═══ MATERIAL PROVIDED
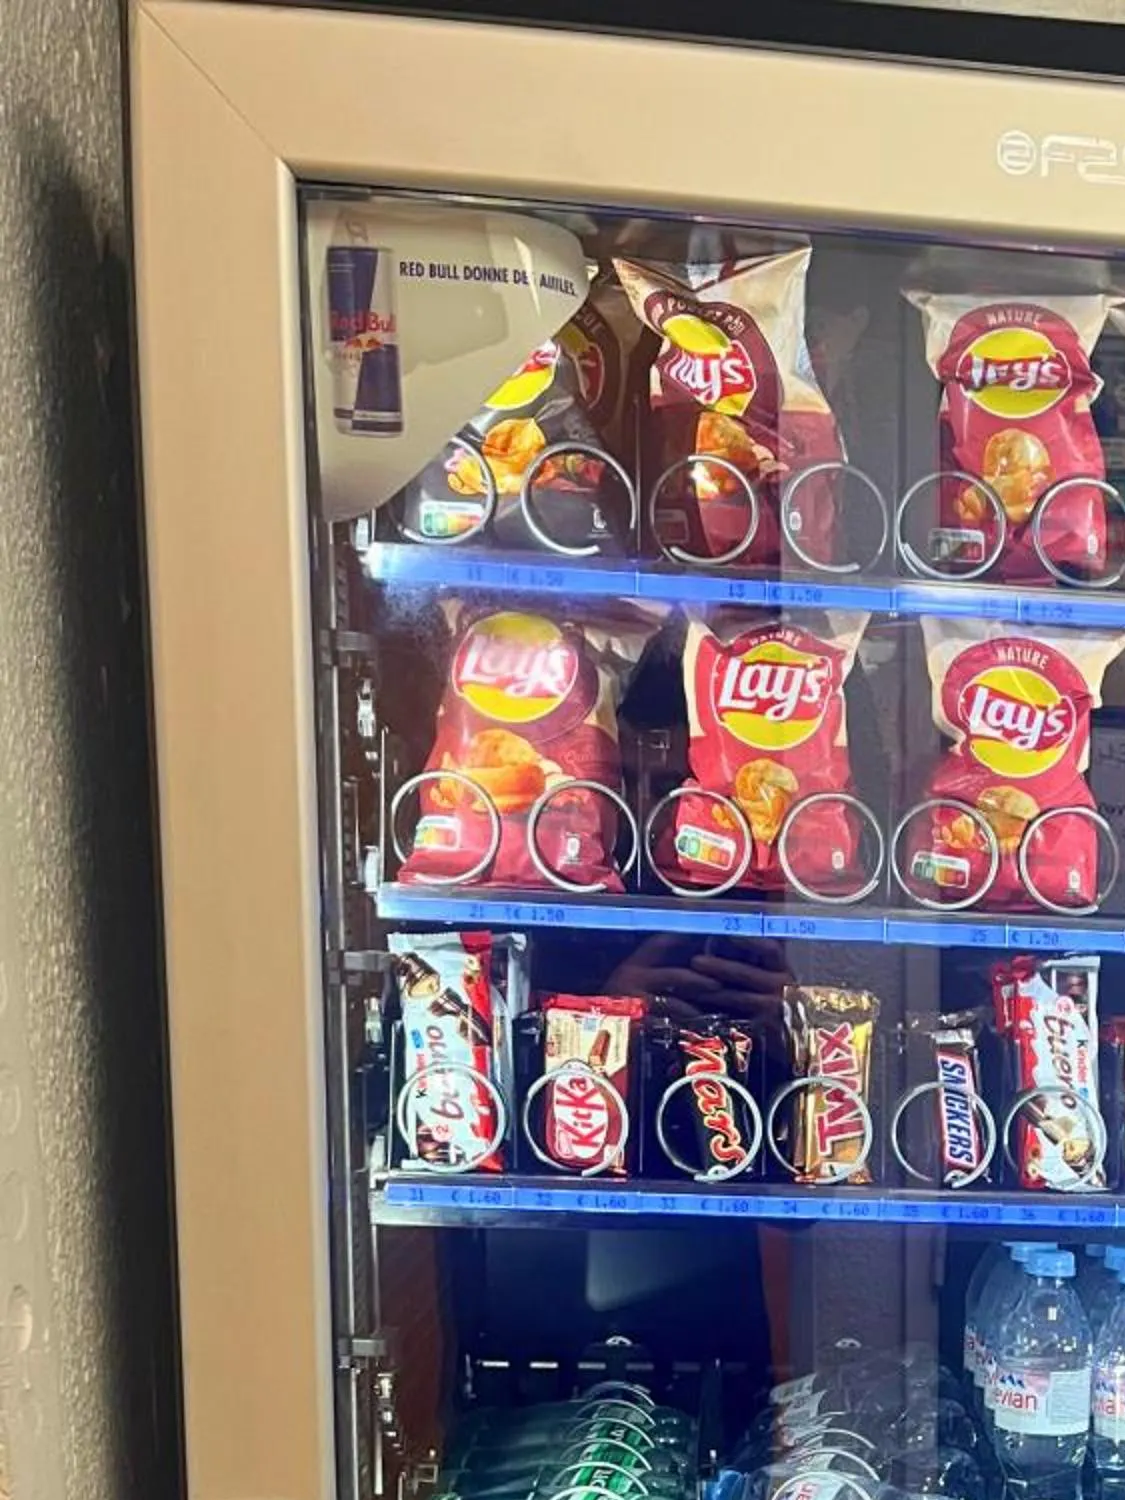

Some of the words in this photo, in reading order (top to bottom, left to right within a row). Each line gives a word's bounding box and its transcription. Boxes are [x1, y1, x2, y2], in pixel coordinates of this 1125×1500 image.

[399, 260, 425, 278] RED
[428, 263, 460, 281] BULL
[462, 266, 509, 284] DONNE
[986, 311, 1044, 327] NATURE
[716, 656, 829, 718] Lay's
[995, 646, 1049, 668] NATURE
[967, 685, 1069, 749] Lay's
[555, 1064, 605, 1148] KitKa
[678, 1029, 748, 1165] Mars
[816, 1022, 866, 1156] TWIX
[939, 1060, 975, 1164] SNICKERS
══════
_EXERCISE:_
Print the data once more without any change, skipping each picture.

_SOLUTION:_
Some of the words in this photo, in reading order (top to bottom, left to right within a row). Each line gives a word's bounding box and its transcription. Boxes are [x1, y1, x2, y2], in pixel coordinates of this 1125×1500 image.

[399, 260, 425, 278] RED
[428, 263, 460, 281] BULL
[462, 266, 509, 284] DONNE
[986, 311, 1044, 327] NATURE
[716, 656, 829, 718] Lay's
[995, 646, 1049, 668] NATURE
[967, 685, 1069, 749] Lay's
[555, 1064, 605, 1148] KitKa
[678, 1029, 748, 1165] Mars
[816, 1022, 866, 1156] TWIX
[939, 1060, 975, 1164] SNICKERS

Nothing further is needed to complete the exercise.